No conforme con la absolución, el juez subraya en la sentencia que este tipo de hechos "suponen una delimitación específicamente machista del espacio público, imponiendo a una mujer la obligación de soportar que se dirijan a ella haciéndole ver lo agradable que es físicamente", a lo que se suma que suelen "devenir, cuando hay un rechazo expreso de la mujer, en agresiones verbales como las aquí acontecidas". "En conjunto, es una situación que afecta a la libertad y al debido sosiego de quien la padece, y que en nuestro país no encuentra encaje en ningún tipo penal. Una cosa es soportar una conducta de un tercero y otra que eso suponga un obligar a hacer o un impedir con violencia o intimidación", critica el magistrado, remitiendo entonces la sentencia al Gobierno para que estudie la posibilidad de incluir estas conductas en el Código Penal.

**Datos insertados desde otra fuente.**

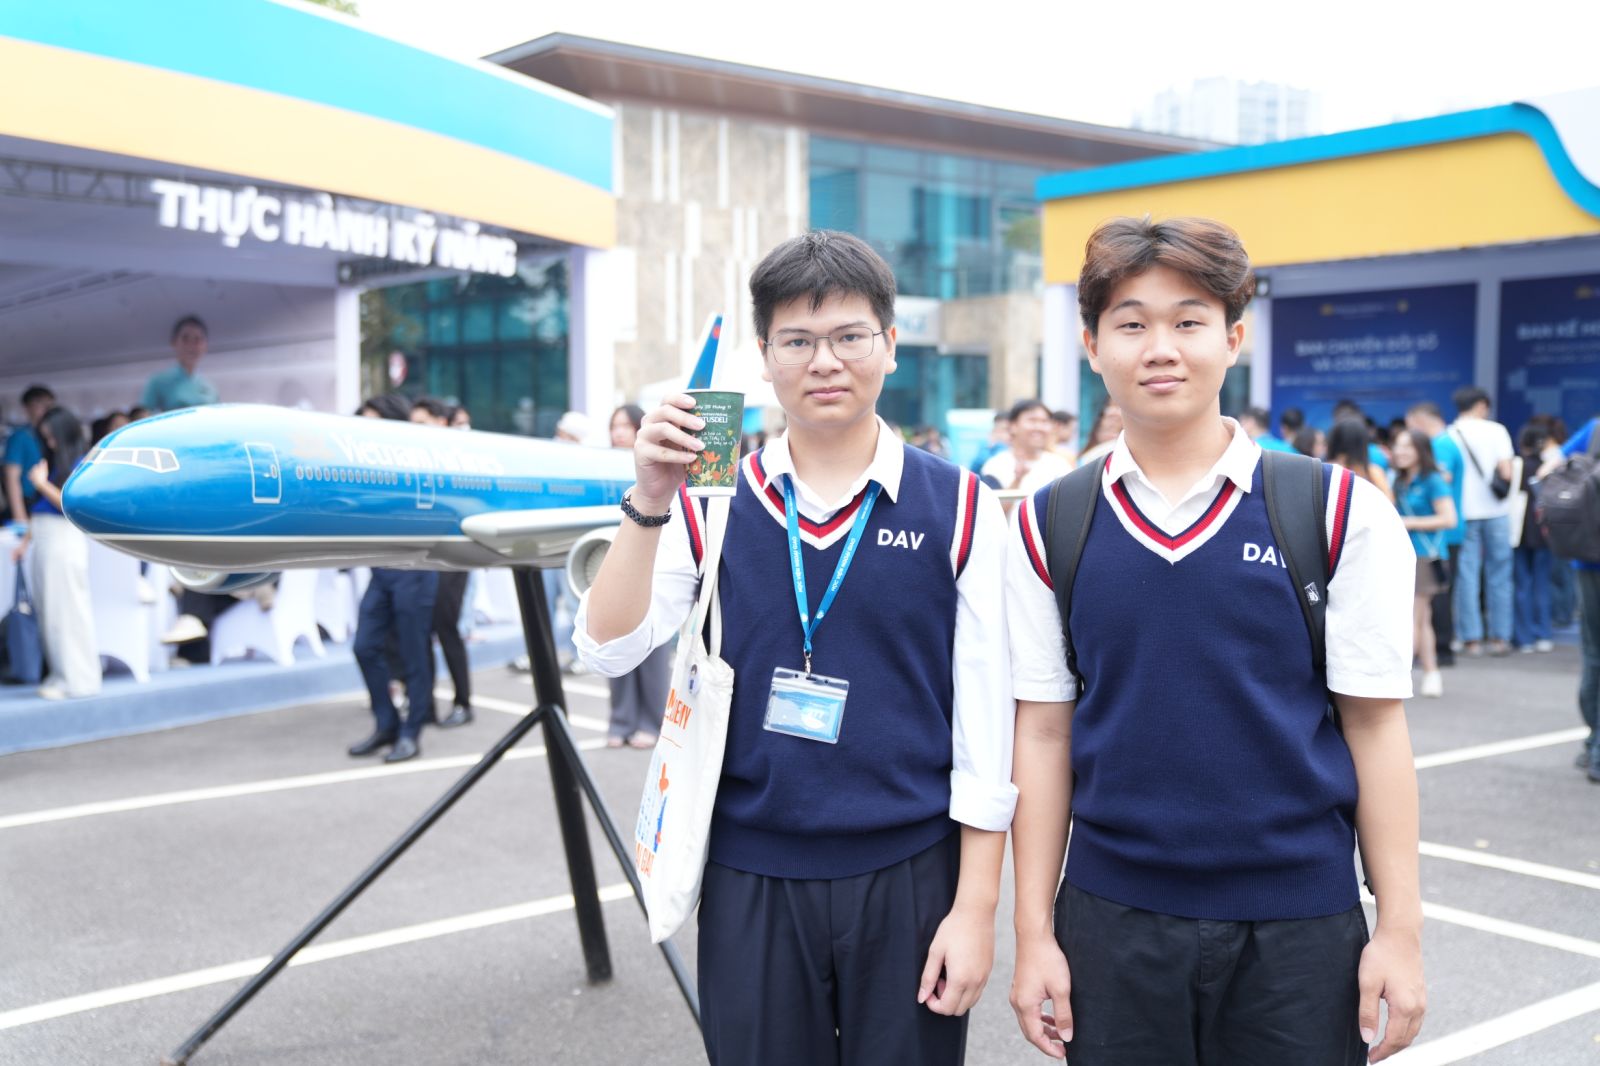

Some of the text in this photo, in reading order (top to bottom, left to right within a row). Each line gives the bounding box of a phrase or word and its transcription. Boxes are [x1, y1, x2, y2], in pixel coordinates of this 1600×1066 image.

[150, 179, 280, 249] THỰC
[283, 192, 389, 259] HÀNH
[390, 212, 437, 265] KỸ
[877, 528, 924, 550] DAV

Foto: El ministro de Justicia, Juan Carlos Campo. (EFE)

"Así por ejemplo, en Francia es sabido que en 2018 se creó la figura del 'ultraje sexista', castigando con penas de 750 hasta 3.000 euros la conducta de imponer a otra persona propuestas o comportamientos con connotación sexual o sexista y que atenten contra la dignidad en razón de su carácter degradante o humillante, generando una situación hostil, humillante u ofensiva (621.1 del Código galo). Otros países como Portugal, Perú o Argentina también han regulado situaciones semejantes de acoso callejero", sostiene el magistrado en su sentencia. "Dicha regulación entiendo que sería deseable, siempre que se obre con respeto en la tipificación de la conducta a principios básicos del Derecho Penal como la ofensividad real de la conducta o al propio carácter de esta rama del Derecho como 'ultima ratio".

En cuanto a cómo debe incluirse este tipo de acoso en el Código Penal, el juez apunta a que es consciente de que "existe en tramitación un Anteproyecto de Ley Orgánica [la denominada Ley de libertad sexual] para incluir un párrafo al artículo 173.4 [delitos contra la integridad moral] dirigido a castigar a 'quienes se dirijan a otra persona con expresiones, comportamientos o proposiciones sexuales o sexistas que creen a la víctima una situación objetivamente humillante, hostil o intimidatoria, sin llegar a constituir otros delitos de mayor gravedad". Pero a la espera de que dicho proyecto salga adelante, considera que es su deber "dar cuenta de la necesidad de tipificación de este tipo de situaciones".